[MATERIAL PROVIDED Boundary: Start]

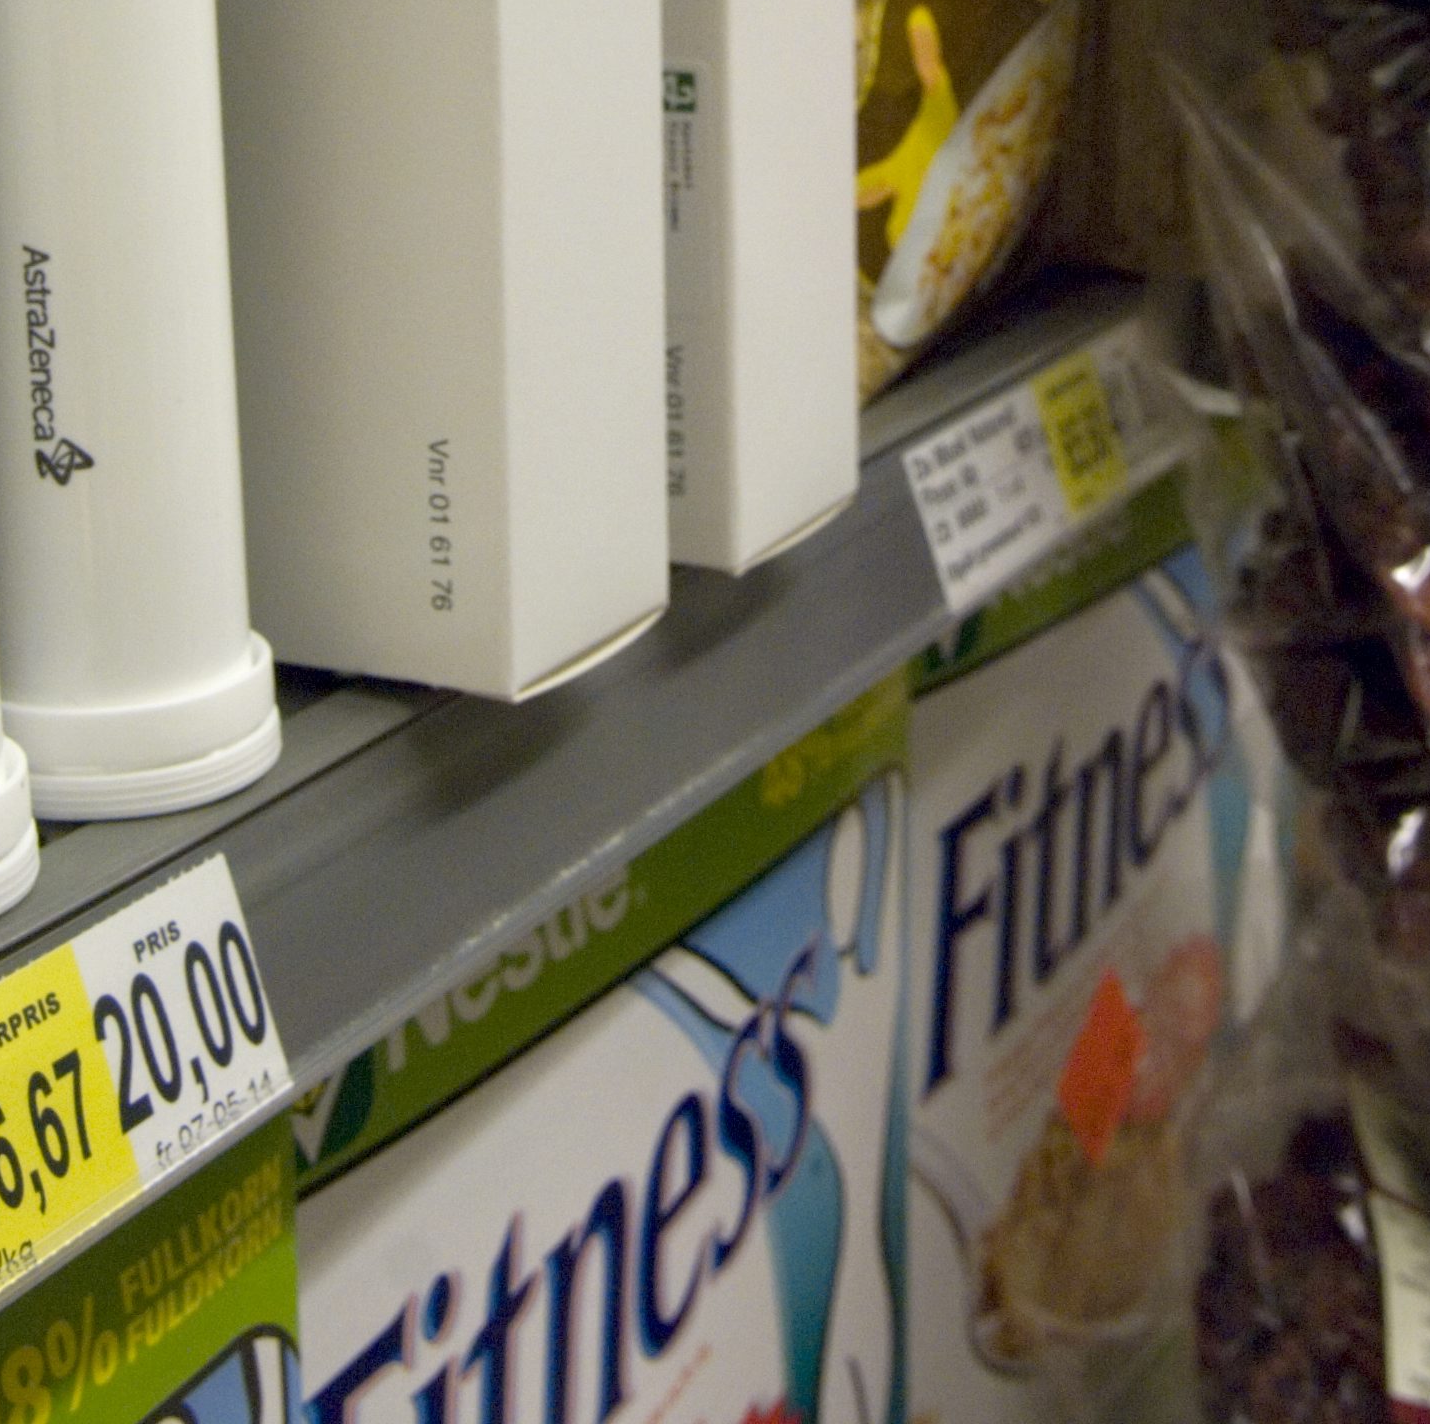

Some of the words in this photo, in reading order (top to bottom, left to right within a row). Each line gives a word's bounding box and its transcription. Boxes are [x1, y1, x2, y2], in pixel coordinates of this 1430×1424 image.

[23, 244, 55, 443] AstraZeneca
[428, 438, 449, 489] Vnr
[429, 493, 451, 527] 01
[429, 535, 451, 567] 61
[431, 578, 453, 612] 76
[133, 921, 181, 963] PRIS
[93, 921, 267, 1136] 20,00
[302, 932, 821, 1424] tness
[122, 1153, 282, 1314] FULLKORN
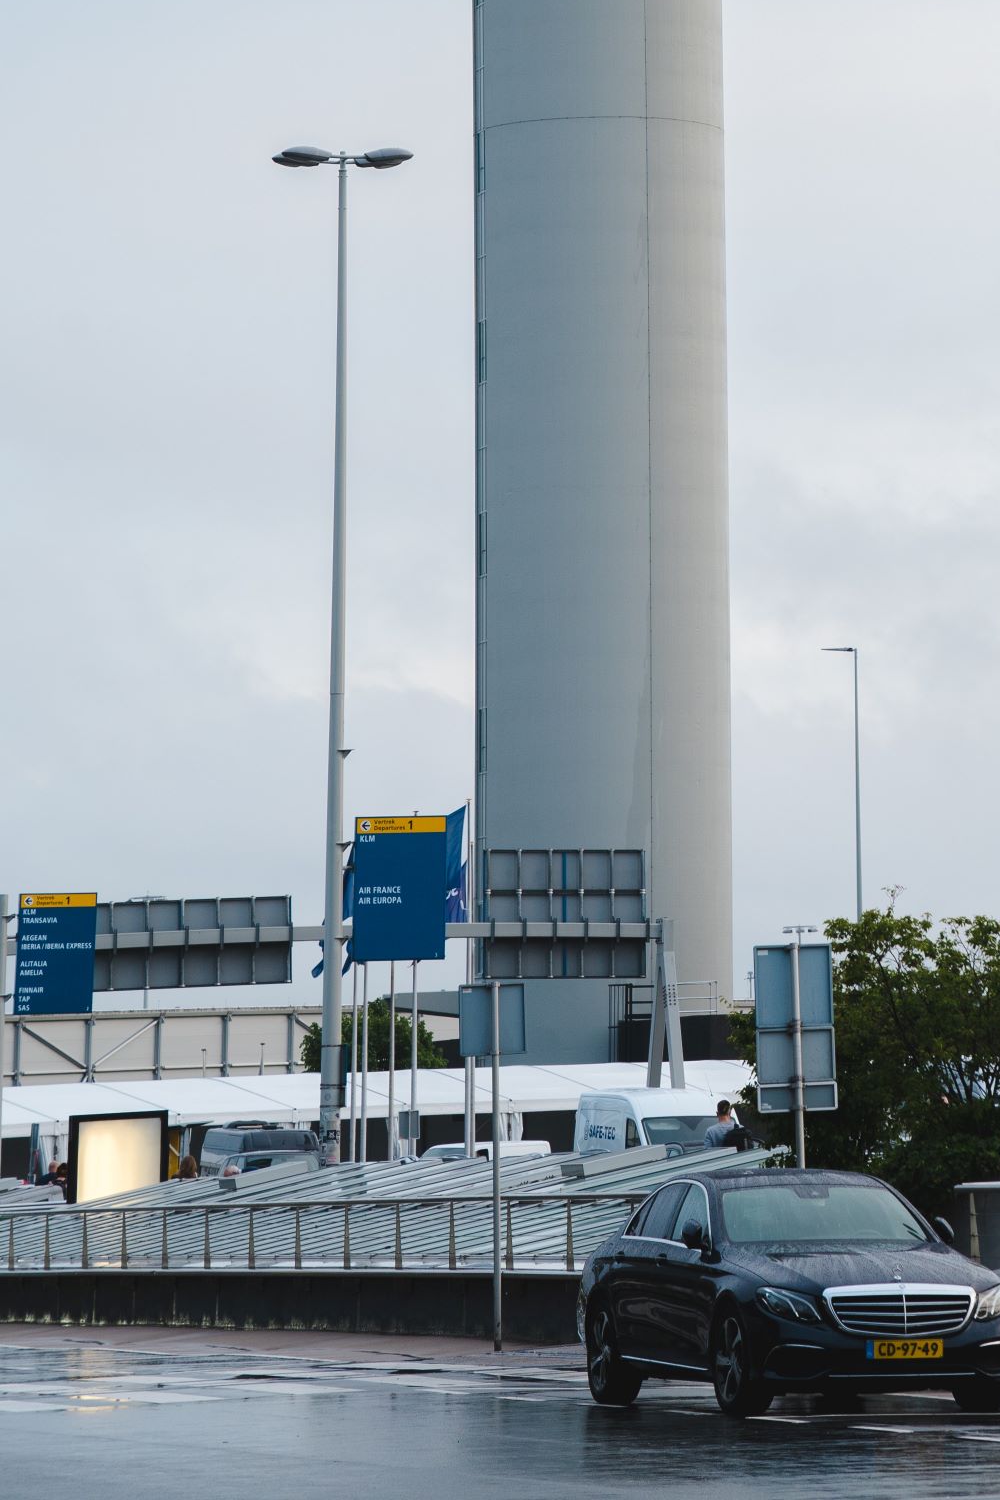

[MATERIAL PROVIDED Boundary: End]

EXERCISE REQUIREMENTS
Transcribe the records above exactly, without images.

SOLUTION TO THIS PROBLEM
Some of the words in this photo, in reading order (top to bottom, left to right within a row). Each line gives a word's bounding box and its transcription. Boxes are [x1, y1, x2, y2], in pixel coordinates of this 1430×1424 image.

[23, 244, 55, 443] AstraZeneca
[428, 438, 449, 489] Vnr
[429, 493, 451, 527] 01
[429, 535, 451, 567] 61
[431, 578, 453, 612] 76
[133, 921, 181, 963] PRIS
[93, 921, 267, 1136] 20,00
[302, 932, 821, 1424] tness
[122, 1153, 282, 1314] FULLKORN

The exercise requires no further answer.